Notice weird stuff... if I set sigma = 3* sigma_fit, I get a = 1/3 and a very bad fit (underestimate). If I set it to 0.2*sigma_fit, I get also a bad fit and a = 1/0.2 = 5 (overestimate). And so on. Why? (btw. a=1/sigma so the fitting procedure should work).
import numpy as np
import matplotlib.pyplot as plt
import math
pi = math.pi
import scipy.optimize as optimize
# define my function
sigma_fit = 1
def piecewise_half_gauss(x, a, sigma=sigma_fit):
"""Half of normal distribution curve, defined as gaussian centered at 0 with constant value of preexponential factor for x < 0
Arguments: x values as ndarray whose numbers MUST be float type (use linspace or np.arange(start, end, step, dtype=float),
a as a parameter of width of the distribution,
sigma being the deviation, second moment
Returns: Half gaussian curve
Ex:
>>> piecewise_half_gauss(5., 1)
array(0.04839414)
>>> x = np.linspace(0,10,11)
... piecewise_half_gauss(x, 2, 3)
array([0.06649038, 0.06557329, 0.0628972 , 0.05867755, 0.05324133,
0.04698531, 0.04032845, 0.03366645, 0.02733501, 0.02158627,
0.01657952])
>>> piecewise_half_gauss(np.arange(0,11,1, dtype=float), 1, 2.4)

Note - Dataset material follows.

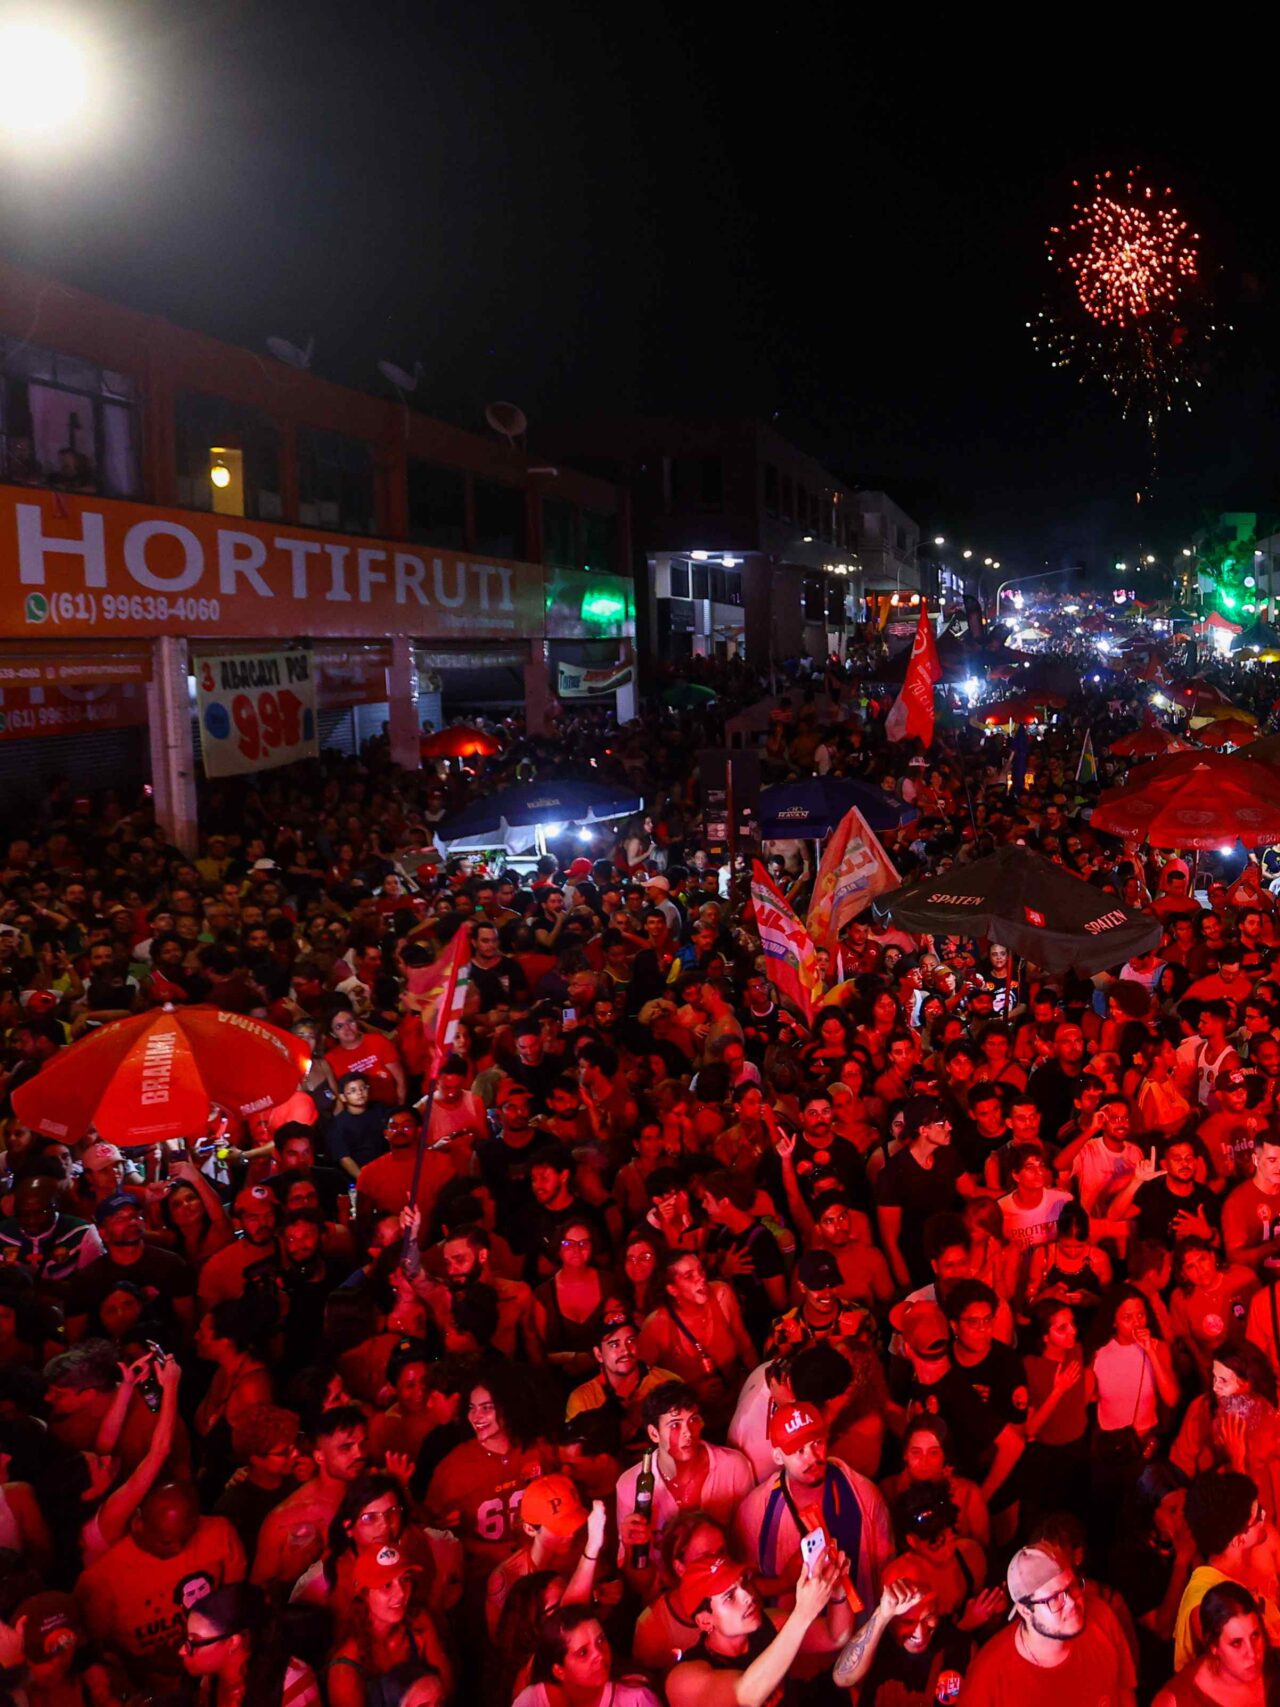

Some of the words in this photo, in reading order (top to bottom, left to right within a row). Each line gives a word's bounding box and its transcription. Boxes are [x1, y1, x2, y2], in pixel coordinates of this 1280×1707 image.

array([1.66225950e-01, 1.52405153e-01, 1.17463281e-01, 7.61037856e-02,
4.14488078e-02, 1.89766470e-02, 7.30345854e-03, 2.36286717e-03,
6.42616248e-04, 1.46914868e-04, 2.82345875e-05])
"""
return np.piecewise(x, [x >= 0, x < 0],
[lambda x: np.exp(-x ** 2 / (2 * ((a * sigma) ** 2))) / (np.sqrt(2 * pi) * sigma * a),
lambda x: 1 / (np.sqrt(2 * pi) * sigma)])

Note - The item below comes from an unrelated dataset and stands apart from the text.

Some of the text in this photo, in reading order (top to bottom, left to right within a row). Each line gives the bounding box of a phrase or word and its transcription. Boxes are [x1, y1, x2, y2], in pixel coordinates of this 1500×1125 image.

# Create normalized data for binomial distribution Bin(N,p)
n = 10
p = 0.5
x = np.array([0., 1., 2., 3., 4., 5.])
y = np.array([0.25231325, 0.20657662, 0.11337165, 0.0417071 , 0.01028484,
0.00170007])
# Get the estimate for sigma parameter
sigma_fit = (n*p*(1-p))**0.5
# Get fitting parameters
p_halfg, p_halfg_cov = optimize.curve_fit(lambda x, a:piecewise_half_gauss(x, a, sigma = sigma_fit), x, y, p0=[1])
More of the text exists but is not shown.